What to work on — A faithful retyping of every entry below is wanted, with images left out.

━━━━━ Working data ━━━━━

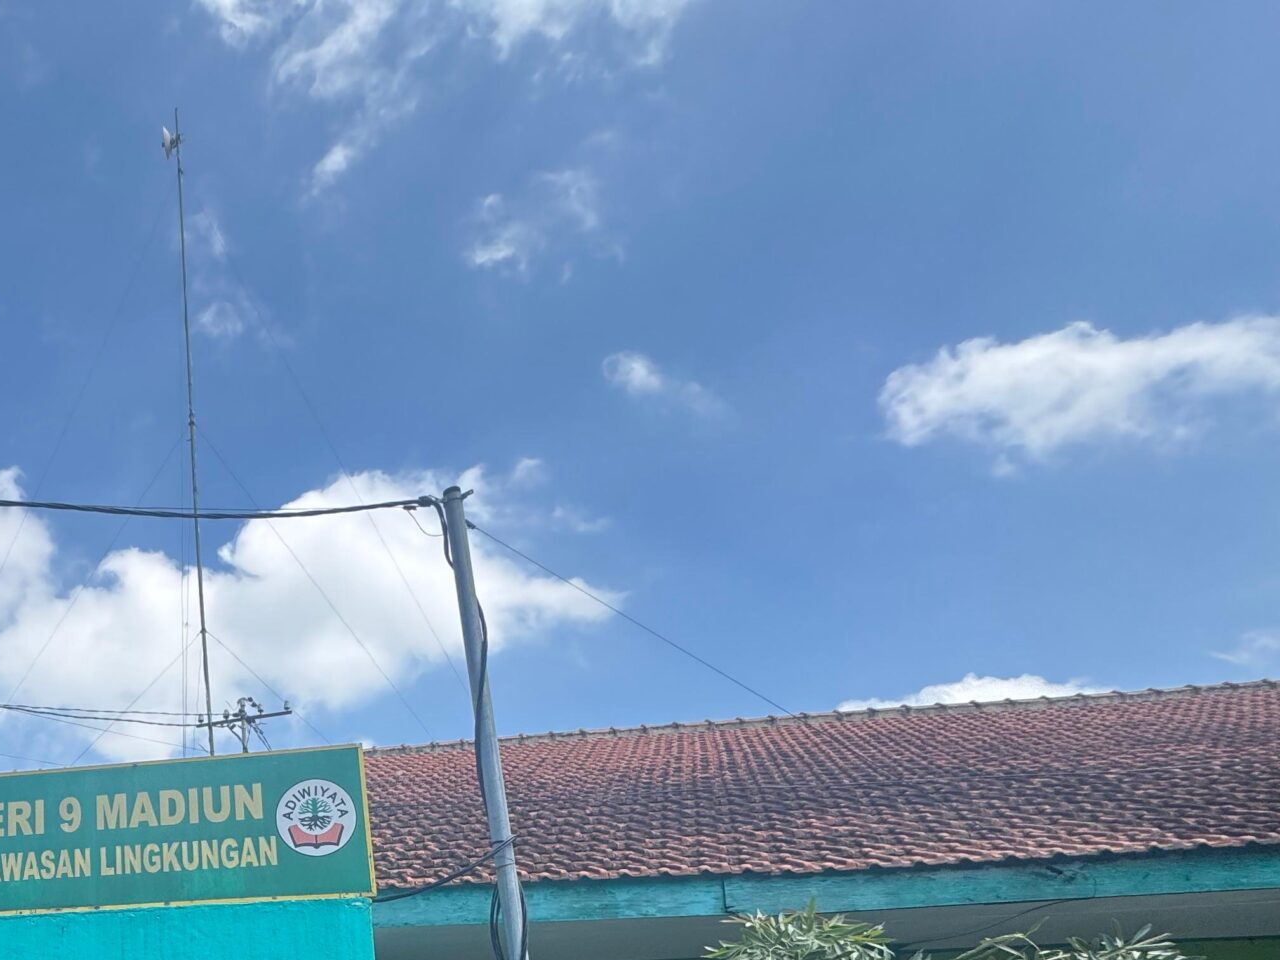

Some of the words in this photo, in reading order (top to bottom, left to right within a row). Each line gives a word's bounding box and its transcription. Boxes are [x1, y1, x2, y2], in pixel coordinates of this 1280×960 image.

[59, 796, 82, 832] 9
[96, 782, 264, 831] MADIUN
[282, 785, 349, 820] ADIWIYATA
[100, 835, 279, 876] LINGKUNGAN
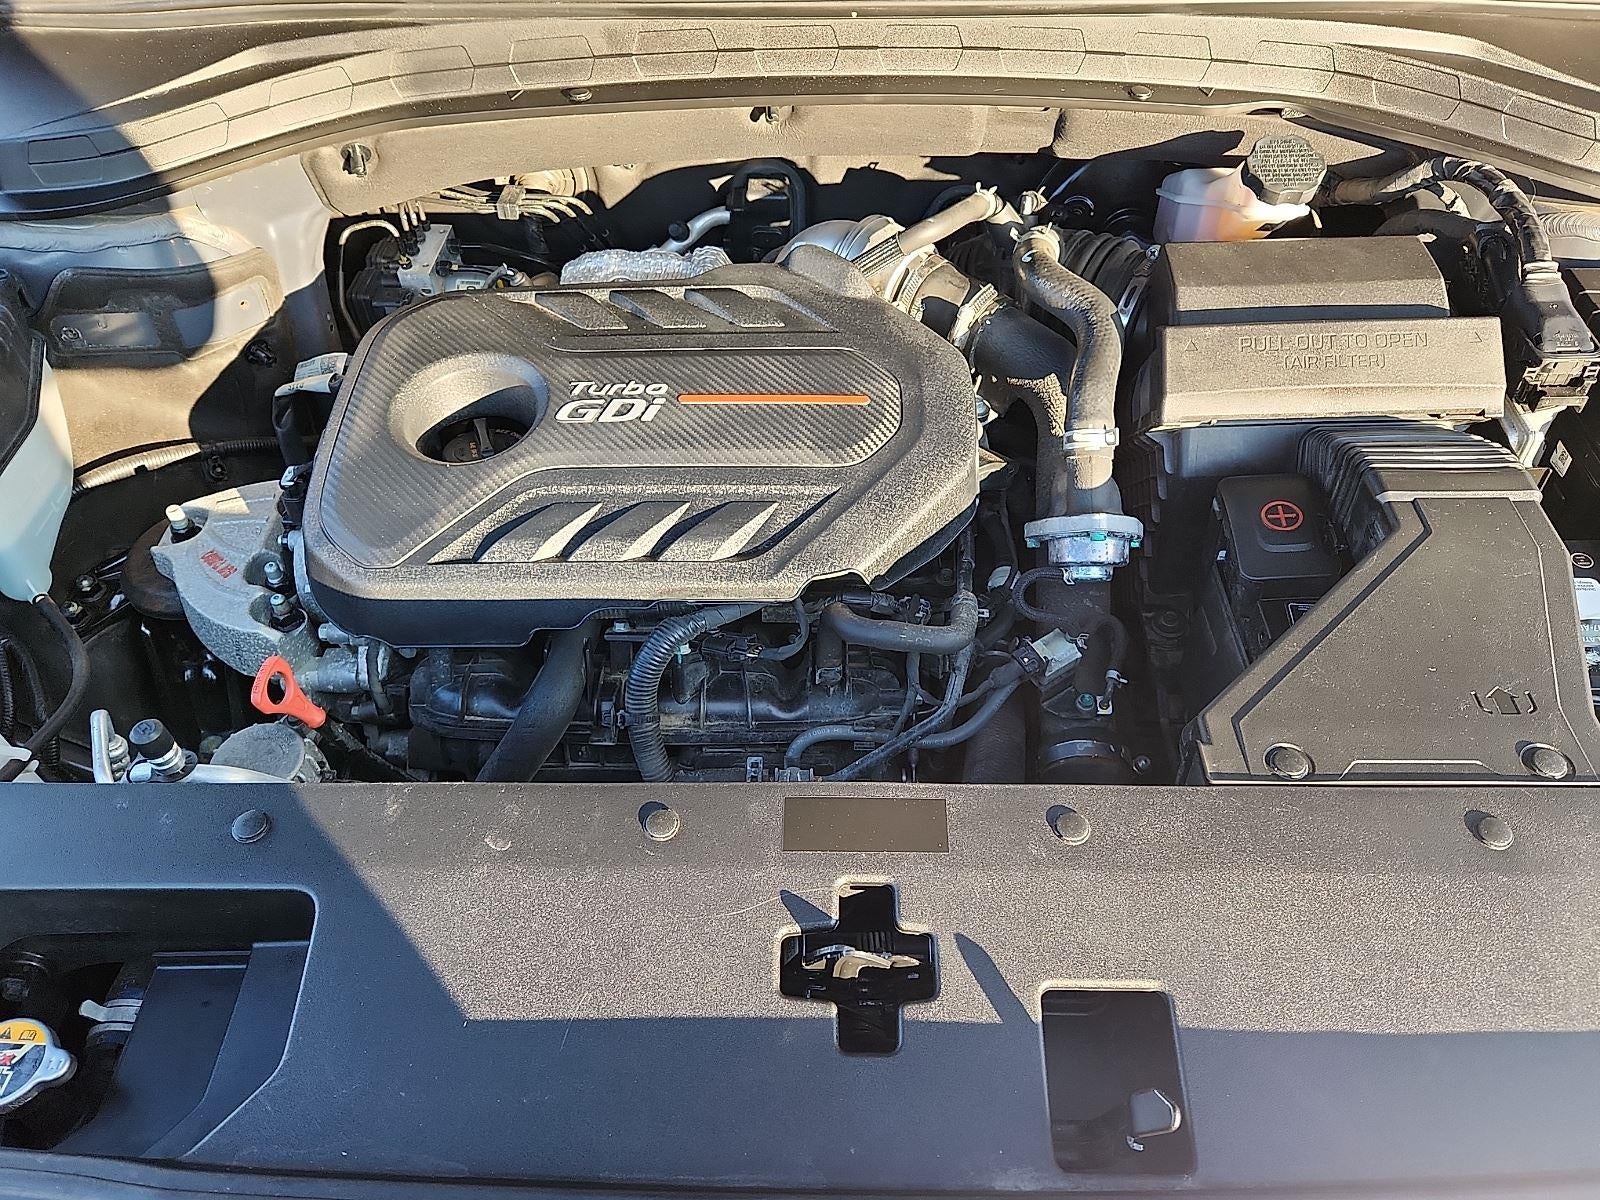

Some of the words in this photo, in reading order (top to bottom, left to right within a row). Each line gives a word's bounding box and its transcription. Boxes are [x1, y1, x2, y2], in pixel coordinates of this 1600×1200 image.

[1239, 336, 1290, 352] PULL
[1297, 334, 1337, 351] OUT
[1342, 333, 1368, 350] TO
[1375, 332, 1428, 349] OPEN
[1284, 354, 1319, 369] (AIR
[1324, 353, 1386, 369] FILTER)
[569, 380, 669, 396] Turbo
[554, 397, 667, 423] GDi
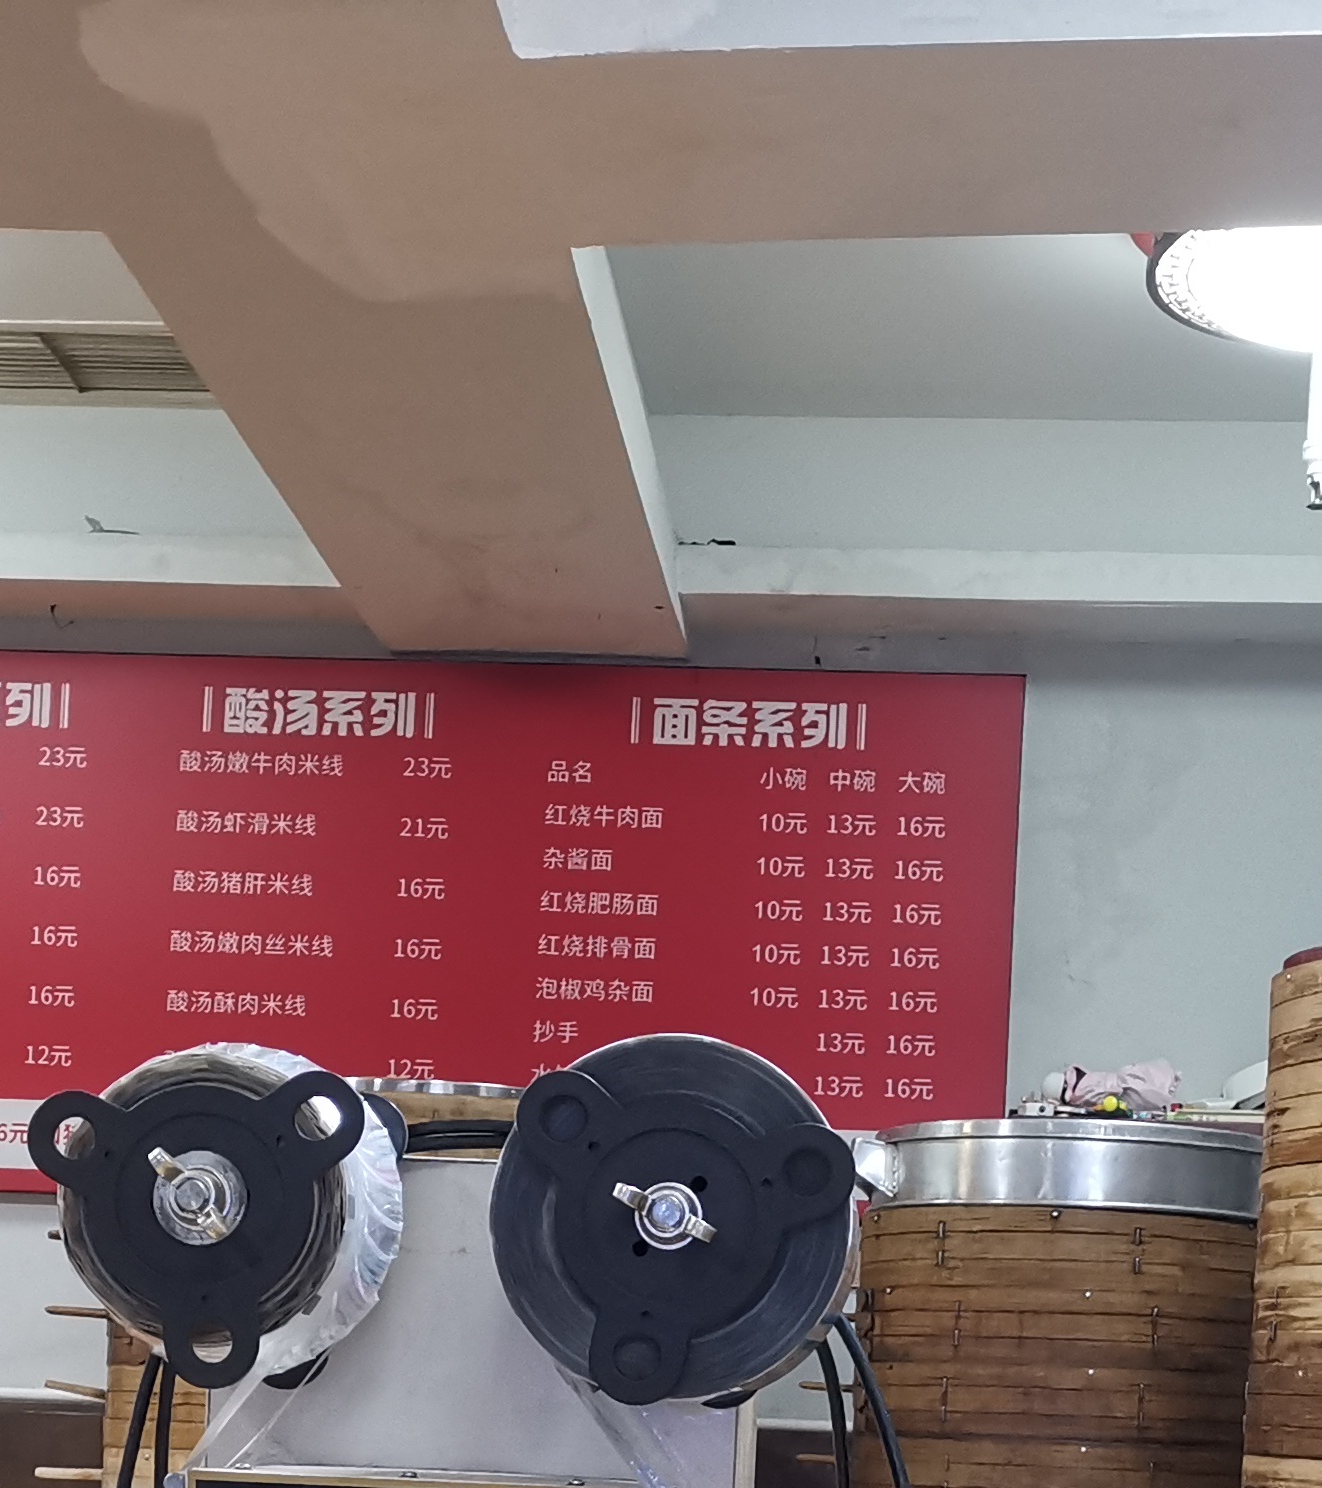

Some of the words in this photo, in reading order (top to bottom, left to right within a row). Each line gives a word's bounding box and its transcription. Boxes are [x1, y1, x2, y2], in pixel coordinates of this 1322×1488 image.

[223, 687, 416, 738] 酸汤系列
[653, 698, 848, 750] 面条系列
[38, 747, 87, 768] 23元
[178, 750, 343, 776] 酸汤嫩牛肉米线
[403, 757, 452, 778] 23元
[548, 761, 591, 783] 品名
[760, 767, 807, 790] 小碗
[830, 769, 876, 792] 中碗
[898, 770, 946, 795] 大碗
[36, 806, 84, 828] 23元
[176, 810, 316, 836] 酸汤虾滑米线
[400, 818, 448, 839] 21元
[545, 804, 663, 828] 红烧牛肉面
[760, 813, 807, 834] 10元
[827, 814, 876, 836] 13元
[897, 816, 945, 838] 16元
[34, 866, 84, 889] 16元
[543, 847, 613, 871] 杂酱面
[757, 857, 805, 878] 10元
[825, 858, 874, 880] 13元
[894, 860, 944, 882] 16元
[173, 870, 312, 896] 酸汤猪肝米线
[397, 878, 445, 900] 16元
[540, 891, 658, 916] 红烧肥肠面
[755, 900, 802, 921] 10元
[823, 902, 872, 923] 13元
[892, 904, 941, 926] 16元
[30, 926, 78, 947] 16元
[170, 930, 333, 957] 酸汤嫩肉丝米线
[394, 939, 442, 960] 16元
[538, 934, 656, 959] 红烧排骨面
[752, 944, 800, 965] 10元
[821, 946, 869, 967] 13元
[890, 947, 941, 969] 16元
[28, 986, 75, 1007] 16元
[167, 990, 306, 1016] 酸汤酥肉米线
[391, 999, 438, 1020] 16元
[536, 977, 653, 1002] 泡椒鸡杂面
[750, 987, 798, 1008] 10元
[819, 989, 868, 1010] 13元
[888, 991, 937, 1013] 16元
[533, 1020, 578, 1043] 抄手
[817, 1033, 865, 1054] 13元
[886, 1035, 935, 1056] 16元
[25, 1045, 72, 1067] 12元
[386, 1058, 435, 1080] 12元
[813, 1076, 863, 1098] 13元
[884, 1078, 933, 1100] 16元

━━━━━

Solution to this task —
Some of the words in this photo, in reading order (top to bottom, left to right within a row). Each line gives a word's bounding box and its transcription. Boxes are [x1, y1, x2, y2], in pixel coordinates of this 1280×960 image.

[59, 796, 82, 832] 9
[96, 782, 264, 831] MADIUN
[282, 785, 349, 820] ADIWIYATA
[100, 835, 279, 876] LINGKUNGAN

Some of the words in this photo, in reading order (top to bottom, left to right within a row). Each line gives a word's bounding box and its transcription. Boxes are [x1, y1, x2, y2], in pixel coordinates of this 1600×1200 image.

[1239, 336, 1290, 352] PULL
[1297, 334, 1337, 351] OUT
[1342, 333, 1368, 350] TO
[1375, 332, 1428, 349] OPEN
[1284, 354, 1319, 369] (AIR
[1324, 353, 1386, 369] FILTER)
[569, 380, 669, 396] Turbo
[554, 397, 667, 423] GDi

Some of the words in this photo, in reading order (top to bottom, left to right within a row). Each line gives a word's bounding box and its transcription. Boxes are [x1, y1, x2, y2], in pixel coordinates of this 1322×1488 image.

[223, 687, 416, 738] 酸汤系列
[653, 698, 848, 750] 面条系列
[38, 747, 87, 768] 23元
[178, 750, 343, 776] 酸汤嫩牛肉米线
[403, 757, 452, 778] 23元
[548, 761, 591, 783] 品名
[760, 767, 807, 790] 小碗
[830, 769, 876, 792] 中碗
[898, 770, 946, 795] 大碗
[36, 806, 84, 828] 23元
[176, 810, 316, 836] 酸汤虾滑米线
[400, 818, 448, 839] 21元
[545, 804, 663, 828] 红烧牛肉面
[760, 813, 807, 834] 10元
[827, 814, 876, 836] 13元
[897, 816, 945, 838] 16元
[34, 866, 84, 889] 16元
[543, 847, 613, 871] 杂酱面
[757, 857, 805, 878] 10元
[825, 858, 874, 880] 13元
[894, 860, 944, 882] 16元
[173, 870, 312, 896] 酸汤猪肝米线
[397, 878, 445, 900] 16元
[540, 891, 658, 916] 红烧肥肠面
[755, 900, 802, 921] 10元
[823, 902, 872, 923] 13元
[892, 904, 941, 926] 16元
[30, 926, 78, 947] 16元
[170, 930, 333, 957] 酸汤嫩肉丝米线
[394, 939, 442, 960] 16元
[538, 934, 656, 959] 红烧排骨面
[752, 944, 800, 965] 10元
[821, 946, 869, 967] 13元
[890, 947, 941, 969] 16元
[28, 986, 75, 1007] 16元
[167, 990, 306, 1016] 酸汤酥肉米线
[391, 999, 438, 1020] 16元
[536, 977, 653, 1002] 泡椒鸡杂面
[750, 987, 798, 1008] 10元
[819, 989, 868, 1010] 13元
[888, 991, 937, 1013] 16元
[533, 1020, 578, 1043] 抄手
[817, 1033, 865, 1054] 13元
[886, 1035, 935, 1056] 16元
[25, 1045, 72, 1067] 12元
[386, 1058, 435, 1080] 12元
[813, 1076, 863, 1098] 13元
[884, 1078, 933, 1100] 16元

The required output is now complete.